The fact that men and women respond differently to certain medications is only partially due to the differences in body size and weight. Gender-specific metabolisms and hormonal makeup also play a significant role.
Moreover, the processing of active ingredients to some extent depends on a body’s fat, water and muscle volumes. Due to the higher level of body fat in women, drugs with fat soluble ingredients tend to have stronger effects in women, while other active ingredients take longer to be flushed out by the liver and are filtered to a lesser degree in the kidney.
Neglecting these physiological processes can lead to dangerous adverse reactions and over-dosage – and toxicity can occur. Consequently, in years to come the young discipline of gender medicine will most likely put a special focus on gender differences in response to drugs, especially regarding medication for heart diseases, seizures and coagulation modifiers.
Economic benefits of gender-specific perspectives
In geriatrics, gender factors are also frequently neglected because the costs are allegedly prohibitive.

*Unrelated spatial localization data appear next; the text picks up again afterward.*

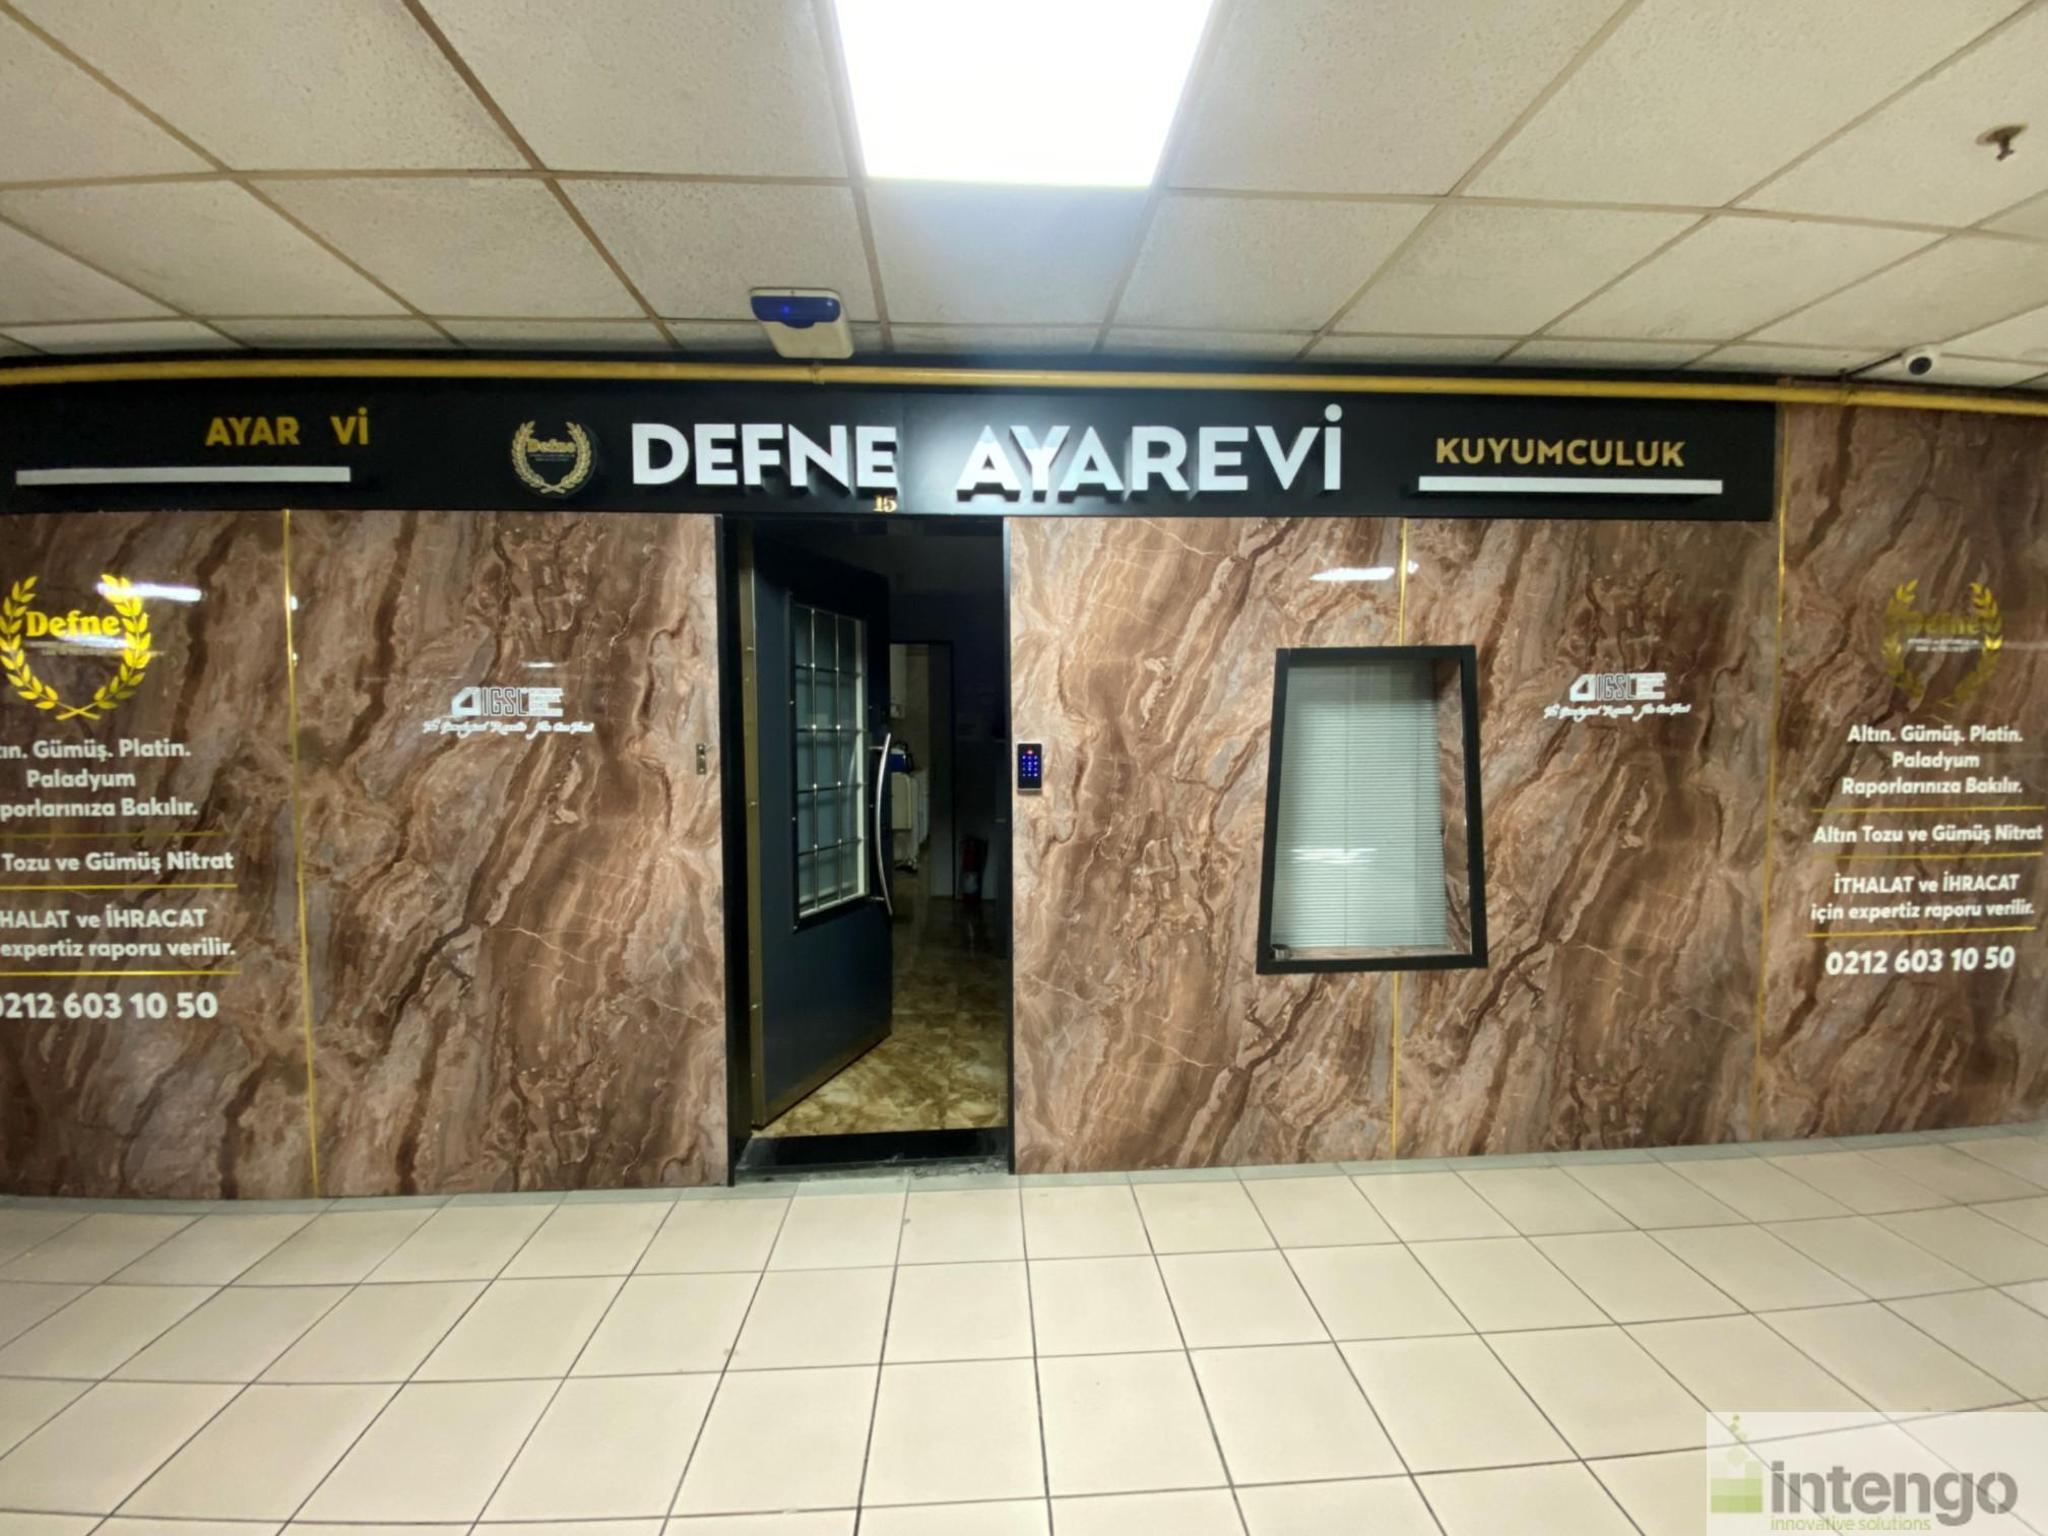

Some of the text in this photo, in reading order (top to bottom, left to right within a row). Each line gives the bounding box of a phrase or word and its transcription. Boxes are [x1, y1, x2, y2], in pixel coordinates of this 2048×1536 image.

[205, 416, 300, 446] AYAR
[631, 403, 1343, 493] DEFNE AYAREVİ
[1436, 437, 1685, 468] KUYUMCULUK
[873, 495, 898, 513] 15
[26, 610, 121, 638] Defne
[1847, 724, 2025, 747] Altın. Gümüş. Platin.
[32, 739, 114, 763] Gümüş.
[118, 738, 192, 758] Platin.
[1891, 751, 1981, 772] Paladyum
[26, 768, 136, 792] Paladyum
[1841, 777, 2024, 799] Raporlarınıza Bakılır.
[121, 796, 199, 817] Bakılır.
[1812, 824, 2044, 845] Altın Tozu ve Gümüş Nitrat
[2, 850, 235, 874] Tozu ve Gümüş Nitrat
[1833, 871, 2021, 894] İTHALAT ve İHRACAT
[76, 914, 100, 929] ve
[105, 904, 208, 928] İHRACAT
[1810, 898, 2036, 924] için expertiz raporu verilir.
[2, 937, 237, 961] expertiz raporu verilir.
[1825, 945, 2017, 976] 0212 603 10 50
[0, 992, 219, 1019] 212 603 10 50

However, providing old patients with gender-specific treatments is above all a question of organisation, not funds.
One argument: Gender-specific medication is too expensive, in effect meaning that personalised and patient-centred medicine is too expensive. Conversely, the advocates of gender medicine maintain that gender-specific medication saves money and has better outcomes, in the long run. Additionally, they deplore EU funds being channelled to biogenetic research rather than to behavioural, environmental or prevention research.

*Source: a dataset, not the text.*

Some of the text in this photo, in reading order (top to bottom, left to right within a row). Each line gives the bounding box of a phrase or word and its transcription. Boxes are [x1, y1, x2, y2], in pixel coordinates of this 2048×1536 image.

Professor Vera Regitz-Zagrosek MD is co-founder and Director (since 2007) of the Institute for Gender Research in Medicine (GiM) and a Member of the Board (from 2012) of the Centre for Cardiovascular Research (CCR), both at Charité Medical University in Berlin. Following her habilitation in internal medicine at the Free University Berlin the professor joined the Berlin-based German Heart Centre as a senior physician. She has also served as Vice Director of the Centre for Cardiovascular Research (CCR) at Charité (2003 to 2008). In 2002 the professor designed the graduate course Gender-specific mechanisms in myocardial hypertrophy. She also initiated the foundation of the International Society for Gender in Medicine (IGM) and the German Society, of Gender Medicine. For the European Society of Cardiology (ESC), Prof. Regitz-Zagrosek heads the cardiovascular diseases in pregnancy task force and coordinates the Berlin site of the German Centre for Cardiovascular Research.